_Extracted records_
- Opening Delimiter -

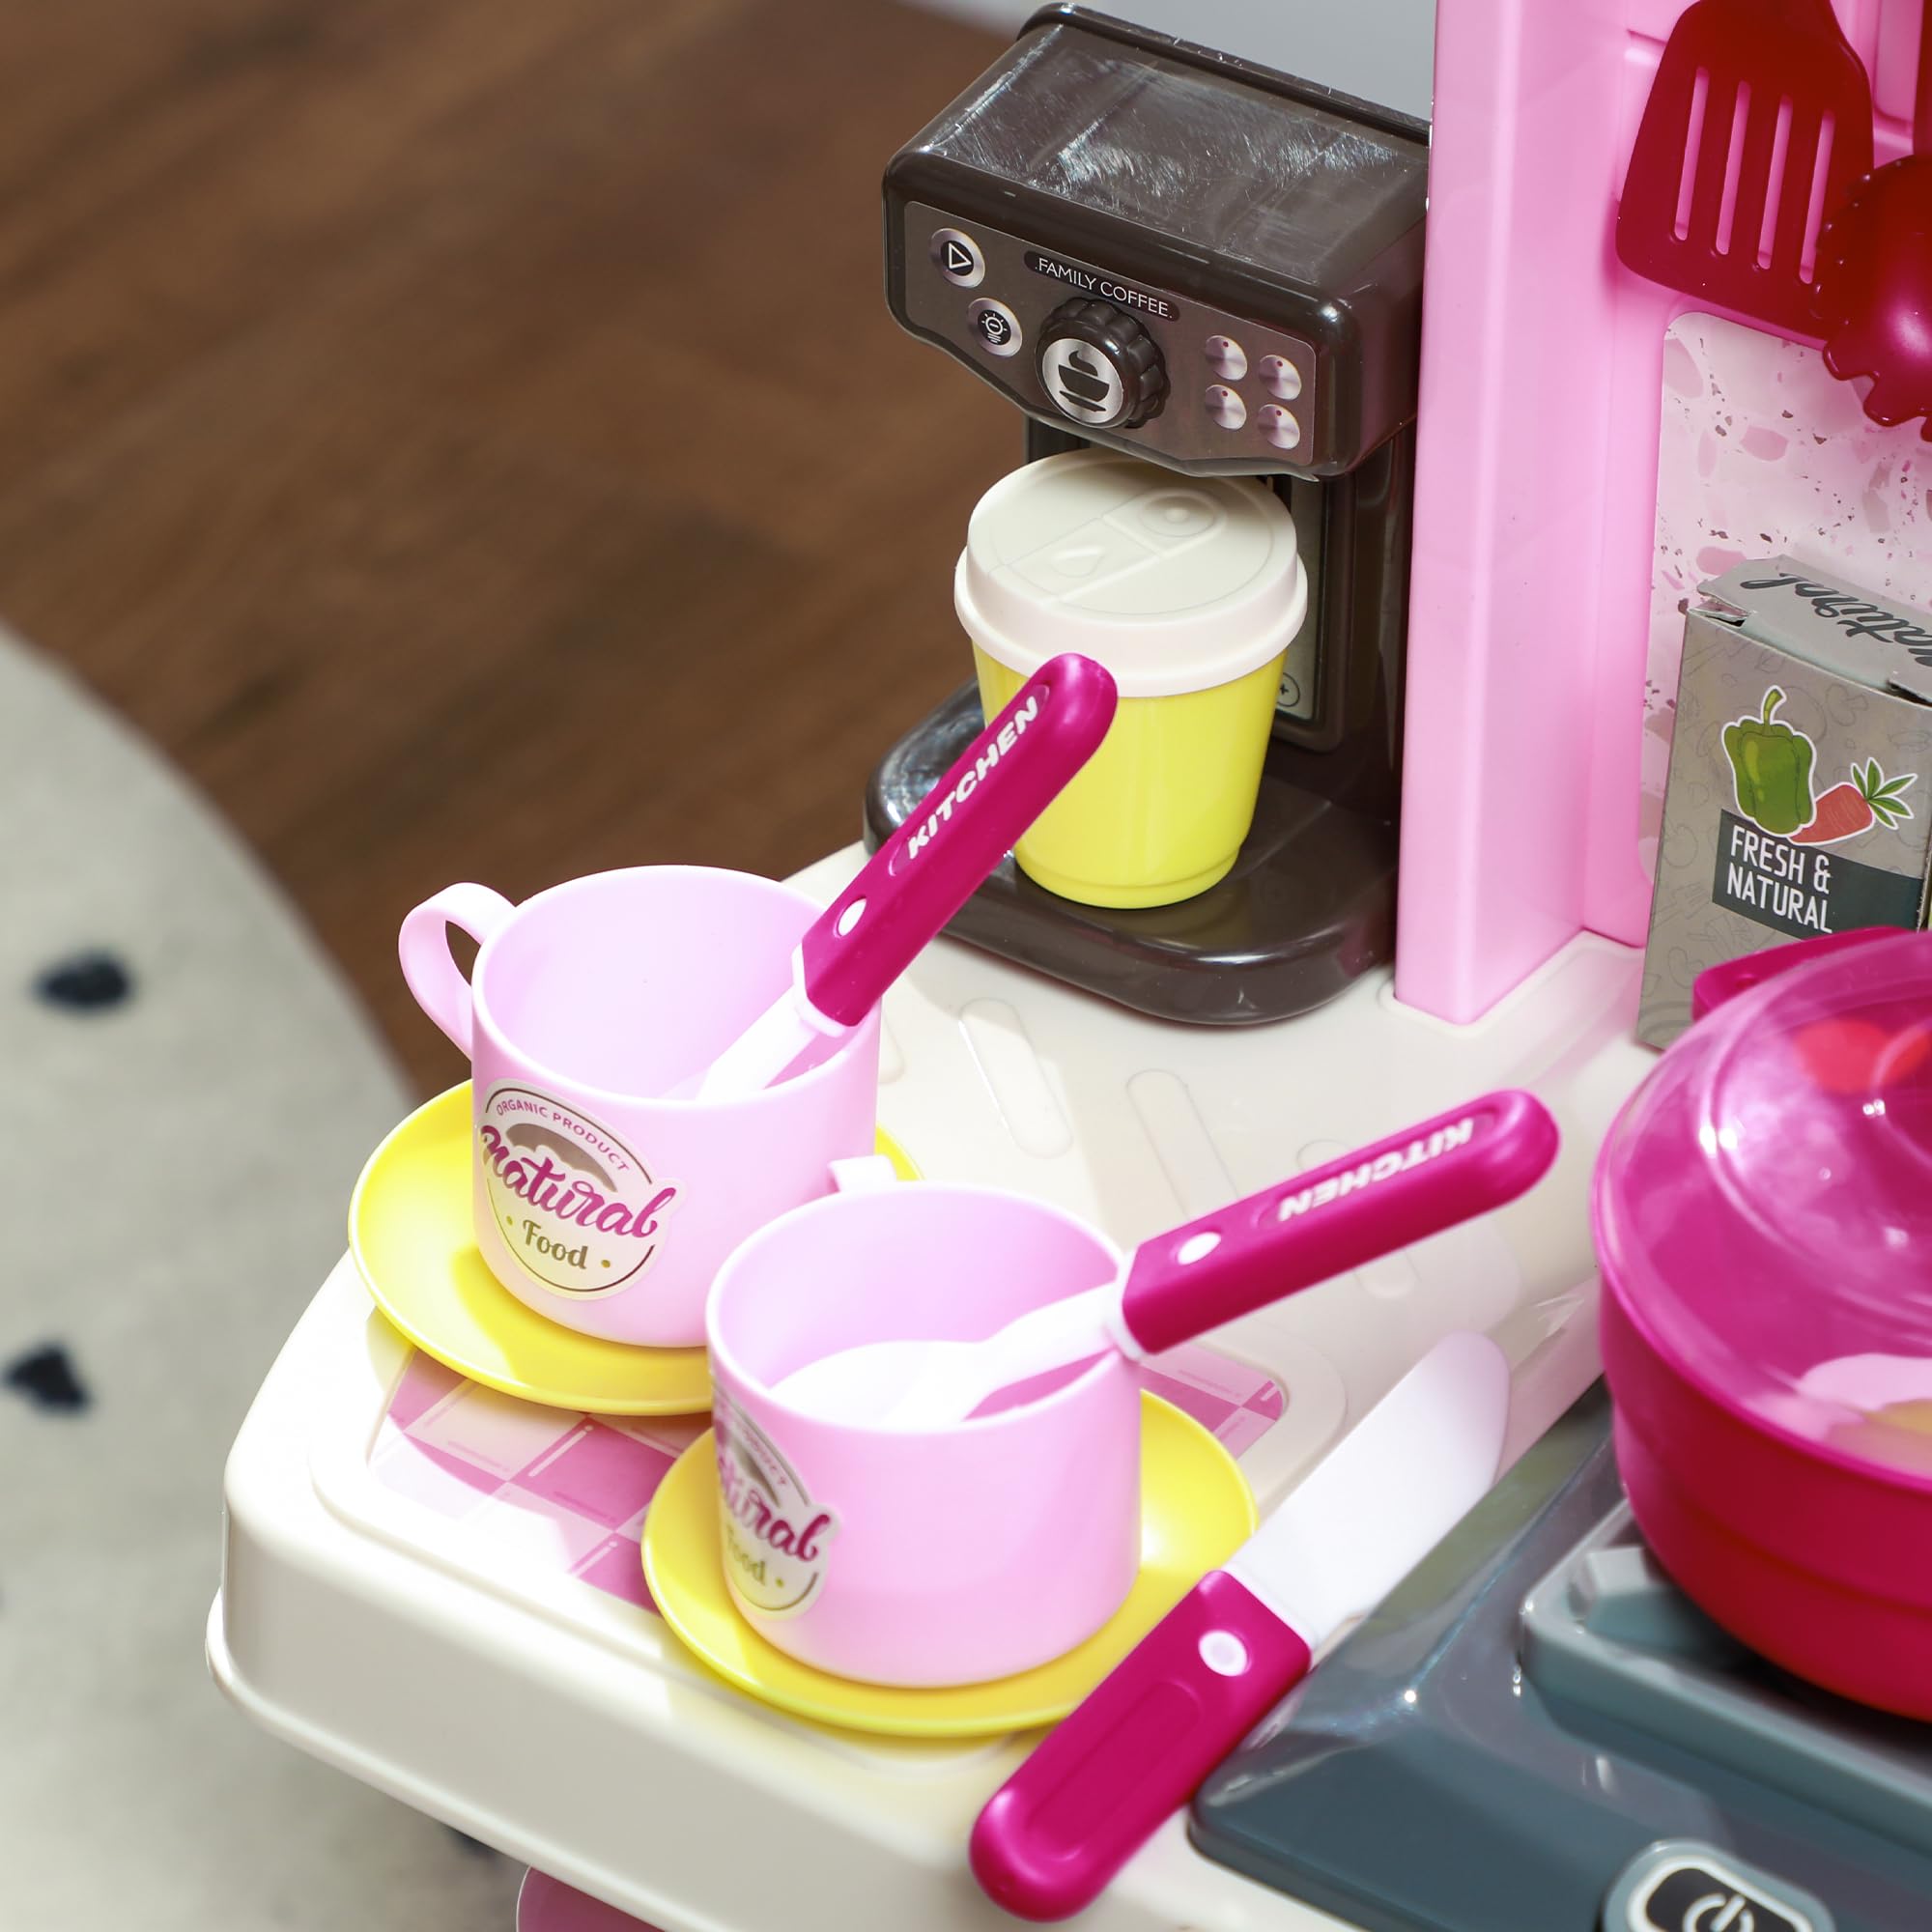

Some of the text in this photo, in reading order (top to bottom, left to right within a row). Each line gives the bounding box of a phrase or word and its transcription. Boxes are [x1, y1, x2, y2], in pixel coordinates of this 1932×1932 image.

[907, 696, 1038, 859] KITCHEN
[1730, 824, 1833, 895] FRESH &
[1727, 862, 1833, 934] NATURAL
[496, 1098, 630, 1171] ORGANIC PRODUCT
[1277, 1118, 1474, 1222] KITCHEN
[480, 1124, 676, 1238] natural
[522, 1218, 589, 1269] Food
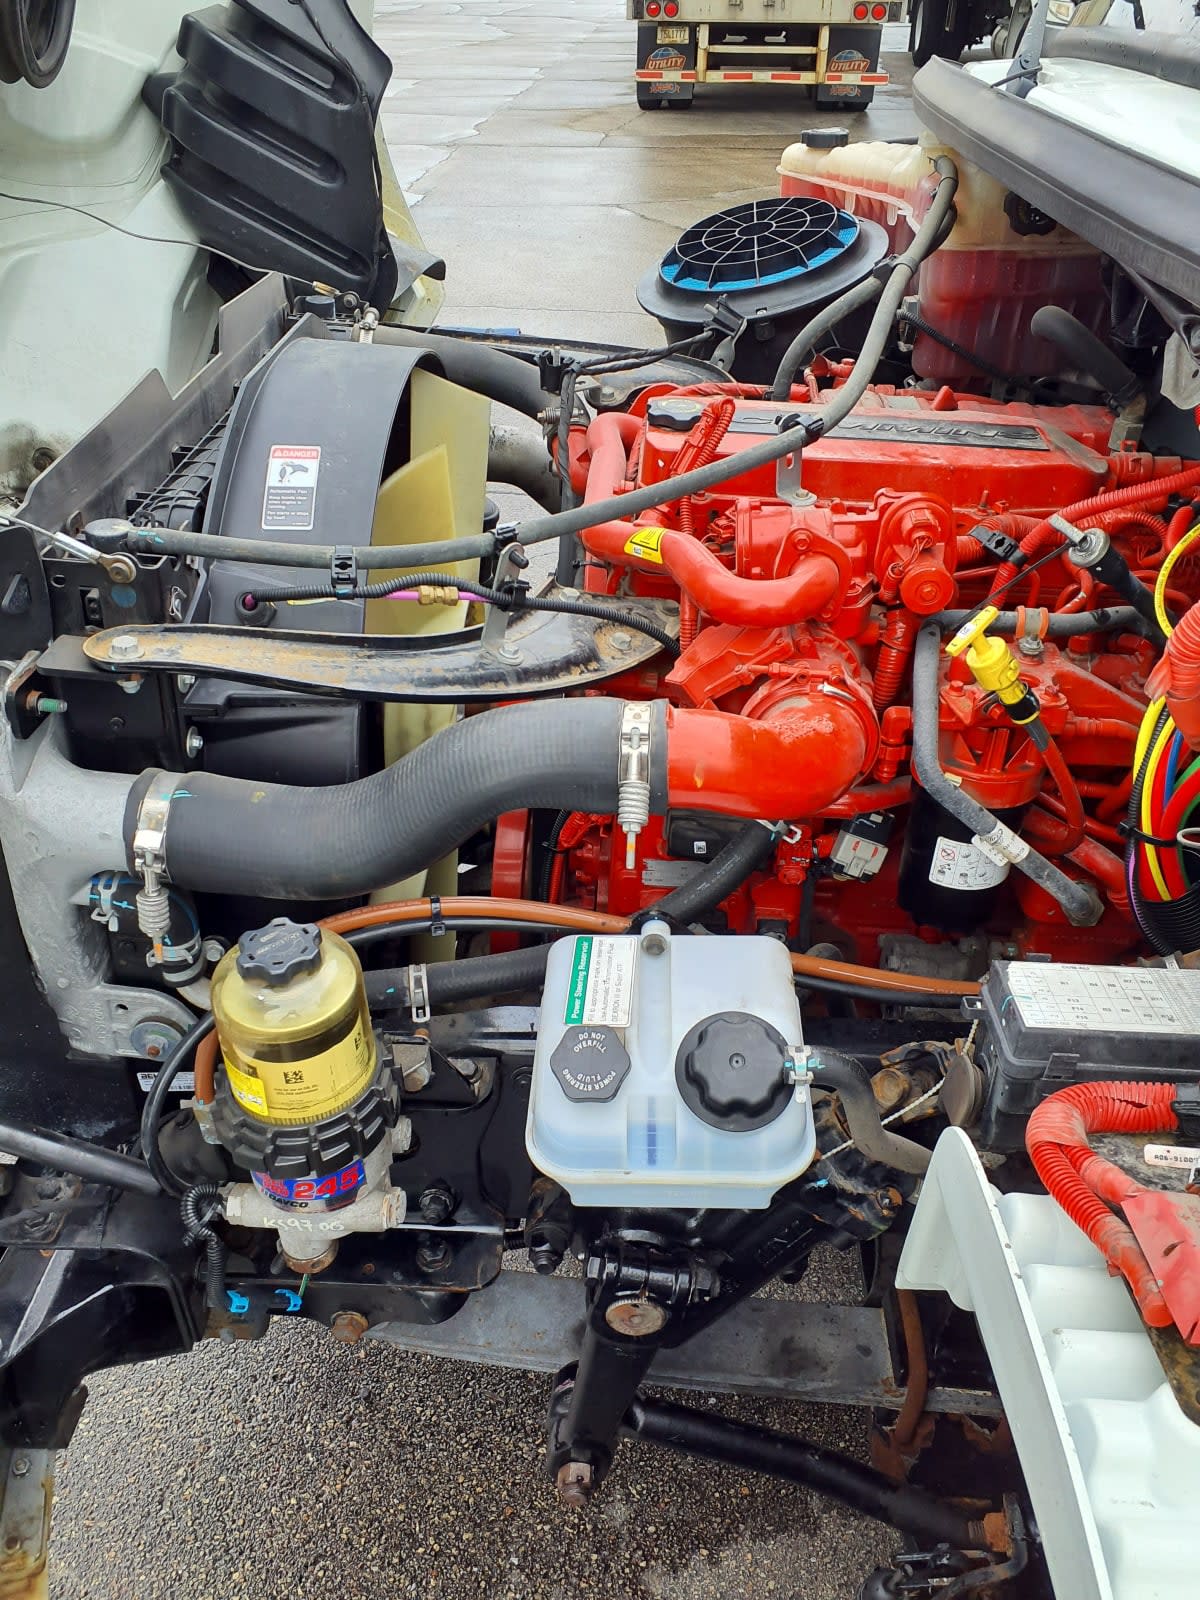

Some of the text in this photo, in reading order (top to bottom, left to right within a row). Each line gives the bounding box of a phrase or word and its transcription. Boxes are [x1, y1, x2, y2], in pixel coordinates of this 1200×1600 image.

[648, 58, 684, 69] UTILITY
[830, 61, 867, 71] UTILITY
[284, 450, 317, 458] DANGER
[571, 941, 589, 1019] Power Steering Reservoir
[578, 1032, 606, 1041] DO NOT
[573, 1040, 607, 1053] OVERFILL
[562, 1068, 616, 1092] POWER STEERING
[577, 1073, 602, 1082] FLUID
[293, 1166, 359, 1199] 245
[269, 1193, 309, 1208] DAVCO
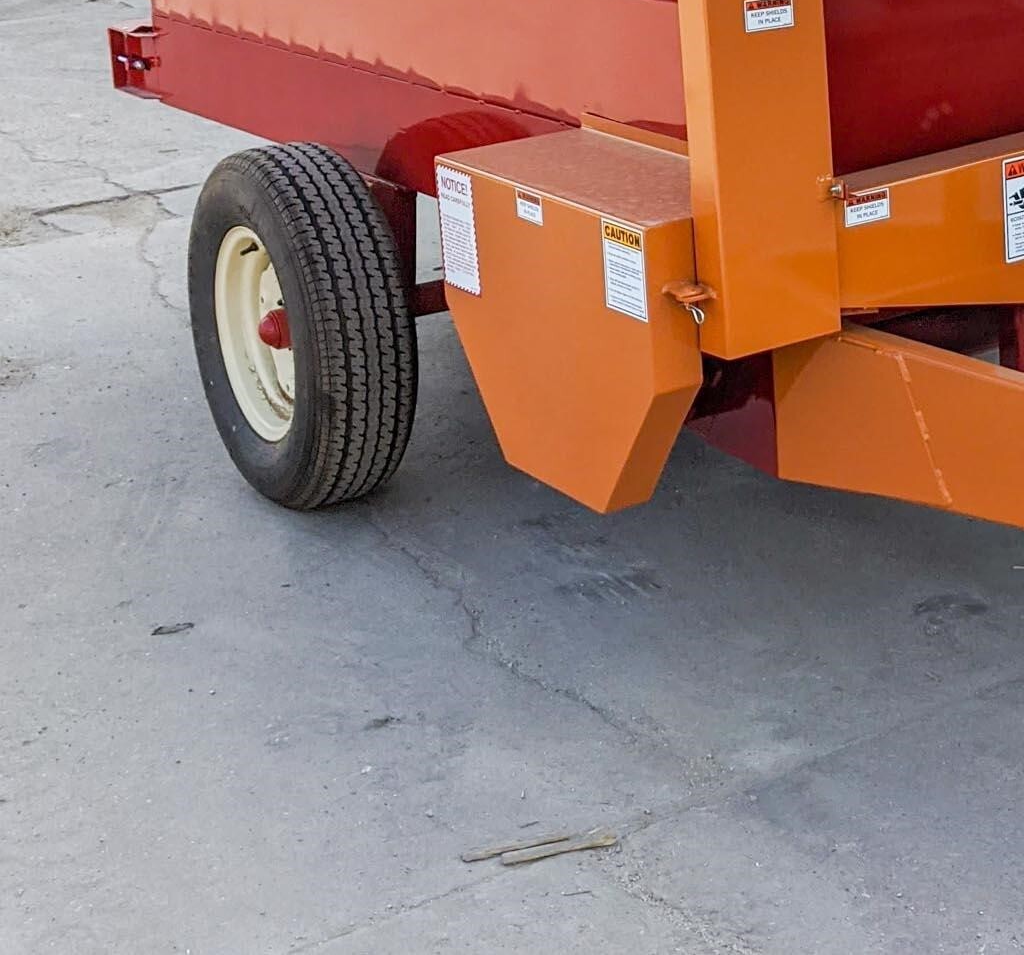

- Closing Delimiter -

_Problem to work on_
Your copy must hold every record above in its exact wording and must hold no pictures.

_Reply to the exercise_
Some of the text in this photo, in reading order (top to bottom, left to right within a row). Each line gives the bounding box of a phrase or word and its transcription. Boxes are [x1, y1, x2, y2], in pixel coordinates of this 1932×1932 image.

[907, 696, 1038, 859] KITCHEN
[1730, 824, 1833, 895] FRESH &
[1727, 862, 1833, 934] NATURAL
[496, 1098, 630, 1171] ORGANIC PRODUCT
[1277, 1118, 1474, 1222] KITCHEN
[480, 1124, 676, 1238] natural
[522, 1218, 589, 1269] Food

Some of the text in this photo, in reading order (top to bottom, left to right within a row). Each line gives the bounding box of a phrase or word and its transcription. Boxes are [x1, y1, x2, y2], in pixel coordinates of this 1200×1600 image.

[648, 58, 684, 69] UTILITY
[830, 61, 867, 71] UTILITY
[284, 450, 317, 458] DANGER
[571, 941, 589, 1019] Power Steering Reservoir
[578, 1032, 606, 1041] DO NOT
[573, 1040, 607, 1053] OVERFILL
[562, 1068, 616, 1092] POWER STEERING
[577, 1073, 602, 1082] FLUID
[293, 1166, 359, 1199] 245
[269, 1193, 309, 1208] DAVCO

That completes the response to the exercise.